[Opening Excerpted data section]
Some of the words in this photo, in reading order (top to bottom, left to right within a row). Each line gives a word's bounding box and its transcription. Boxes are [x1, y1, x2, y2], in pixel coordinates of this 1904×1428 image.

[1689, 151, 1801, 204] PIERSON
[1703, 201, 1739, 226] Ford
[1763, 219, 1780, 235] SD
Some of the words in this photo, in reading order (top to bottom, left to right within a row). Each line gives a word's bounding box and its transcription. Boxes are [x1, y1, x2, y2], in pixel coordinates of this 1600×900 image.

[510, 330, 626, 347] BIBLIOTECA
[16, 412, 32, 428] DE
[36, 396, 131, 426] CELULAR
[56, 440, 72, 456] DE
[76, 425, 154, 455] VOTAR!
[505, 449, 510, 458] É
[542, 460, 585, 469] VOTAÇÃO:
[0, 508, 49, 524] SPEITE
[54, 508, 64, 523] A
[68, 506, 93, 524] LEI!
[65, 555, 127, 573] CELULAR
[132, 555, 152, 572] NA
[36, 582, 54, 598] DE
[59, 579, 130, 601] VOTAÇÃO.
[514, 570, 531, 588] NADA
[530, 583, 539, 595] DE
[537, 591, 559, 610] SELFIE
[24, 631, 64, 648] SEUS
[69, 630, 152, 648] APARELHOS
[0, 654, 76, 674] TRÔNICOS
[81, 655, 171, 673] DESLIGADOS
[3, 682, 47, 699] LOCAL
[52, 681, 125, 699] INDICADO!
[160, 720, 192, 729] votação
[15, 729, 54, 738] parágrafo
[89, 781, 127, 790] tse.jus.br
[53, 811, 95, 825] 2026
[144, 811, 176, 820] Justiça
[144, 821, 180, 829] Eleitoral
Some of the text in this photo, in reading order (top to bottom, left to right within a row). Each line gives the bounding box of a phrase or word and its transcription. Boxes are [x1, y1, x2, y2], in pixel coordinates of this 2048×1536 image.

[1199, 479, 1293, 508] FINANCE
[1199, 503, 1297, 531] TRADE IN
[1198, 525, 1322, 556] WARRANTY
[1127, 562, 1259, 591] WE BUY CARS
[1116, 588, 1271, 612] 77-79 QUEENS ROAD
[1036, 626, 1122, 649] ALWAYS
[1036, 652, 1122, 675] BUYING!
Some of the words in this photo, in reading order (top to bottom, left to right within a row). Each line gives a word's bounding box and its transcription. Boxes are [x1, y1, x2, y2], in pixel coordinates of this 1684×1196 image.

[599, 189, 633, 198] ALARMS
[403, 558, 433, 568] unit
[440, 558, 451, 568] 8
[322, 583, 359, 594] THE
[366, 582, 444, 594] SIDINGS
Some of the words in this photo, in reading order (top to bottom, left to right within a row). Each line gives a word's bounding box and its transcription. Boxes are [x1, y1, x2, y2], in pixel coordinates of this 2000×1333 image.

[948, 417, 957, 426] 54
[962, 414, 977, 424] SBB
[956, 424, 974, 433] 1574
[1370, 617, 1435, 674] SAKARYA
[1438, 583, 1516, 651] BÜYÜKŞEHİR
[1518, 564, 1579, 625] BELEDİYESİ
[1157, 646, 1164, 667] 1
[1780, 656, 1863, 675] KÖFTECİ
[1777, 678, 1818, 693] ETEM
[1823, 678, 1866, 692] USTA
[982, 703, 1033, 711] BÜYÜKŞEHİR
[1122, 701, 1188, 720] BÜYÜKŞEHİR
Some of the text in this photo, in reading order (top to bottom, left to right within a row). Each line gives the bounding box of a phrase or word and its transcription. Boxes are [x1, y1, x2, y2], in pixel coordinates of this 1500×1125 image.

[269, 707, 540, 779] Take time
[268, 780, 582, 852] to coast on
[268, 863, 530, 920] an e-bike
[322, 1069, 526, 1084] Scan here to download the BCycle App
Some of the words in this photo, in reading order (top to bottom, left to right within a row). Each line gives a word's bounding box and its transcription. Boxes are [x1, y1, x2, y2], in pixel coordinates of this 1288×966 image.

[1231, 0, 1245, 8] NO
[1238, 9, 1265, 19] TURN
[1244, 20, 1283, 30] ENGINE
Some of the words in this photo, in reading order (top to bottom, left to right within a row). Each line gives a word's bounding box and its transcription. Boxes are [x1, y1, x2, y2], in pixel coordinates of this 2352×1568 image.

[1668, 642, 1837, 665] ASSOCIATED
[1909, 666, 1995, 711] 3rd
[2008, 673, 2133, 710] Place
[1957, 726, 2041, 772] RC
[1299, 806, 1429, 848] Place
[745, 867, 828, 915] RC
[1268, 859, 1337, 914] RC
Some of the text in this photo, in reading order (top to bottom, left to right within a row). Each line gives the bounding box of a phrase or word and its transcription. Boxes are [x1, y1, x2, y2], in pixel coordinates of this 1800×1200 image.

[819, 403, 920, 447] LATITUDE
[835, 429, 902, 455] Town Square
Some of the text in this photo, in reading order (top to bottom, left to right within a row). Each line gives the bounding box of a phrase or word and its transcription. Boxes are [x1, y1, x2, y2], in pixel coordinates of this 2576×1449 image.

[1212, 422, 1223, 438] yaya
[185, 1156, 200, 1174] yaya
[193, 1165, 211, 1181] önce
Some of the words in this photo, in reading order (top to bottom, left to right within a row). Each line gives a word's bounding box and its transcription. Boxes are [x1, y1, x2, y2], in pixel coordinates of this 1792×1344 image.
[Closing Excerpted data section]
# The problem
Everything from the line with "this 2352×1568 image." to the end of the listing above is to be set down exactly, both ends included.

# Reply
Some of the words in this photo, in reading order (top to bottom, left to right within a row). Each line gives a word's bounding box and its transcription. Boxes are [x1, y1, x2, y2], in pixel coordinates of this 2352×1568 image.

[1668, 642, 1837, 665] ASSOCIATED
[1909, 666, 1995, 711] 3rd
[2008, 673, 2133, 710] Place
[1957, 726, 2041, 772] RC
[1299, 806, 1429, 848] Place
[745, 867, 828, 915] RC
[1268, 859, 1337, 914] RC
Some of the text in this photo, in reading order (top to bottom, left to right within a row). Each line gives the bounding box of a phrase or word and its transcription. Boxes are [x1, y1, x2, y2], in pixel coordinates of this 1800×1200 image.

[819, 403, 920, 447] LATITUDE
[835, 429, 902, 455] Town Square
Some of the text in this photo, in reading order (top to bottom, left to right within a row). Each line gives the bounding box of a phrase or word and its transcription. Boxes are [x1, y1, x2, y2], in pixel coordinates of this 2576×1449 image.

[1212, 422, 1223, 438] yaya
[185, 1156, 200, 1174] yaya
[193, 1165, 211, 1181] önce
Some of the words in this photo, in reading order (top to bottom, left to right within a row). Each line gives a word's bounding box and its transcription. Boxes are [x1, y1, x2, y2], in pixel coordinates of this 1792×1344 image.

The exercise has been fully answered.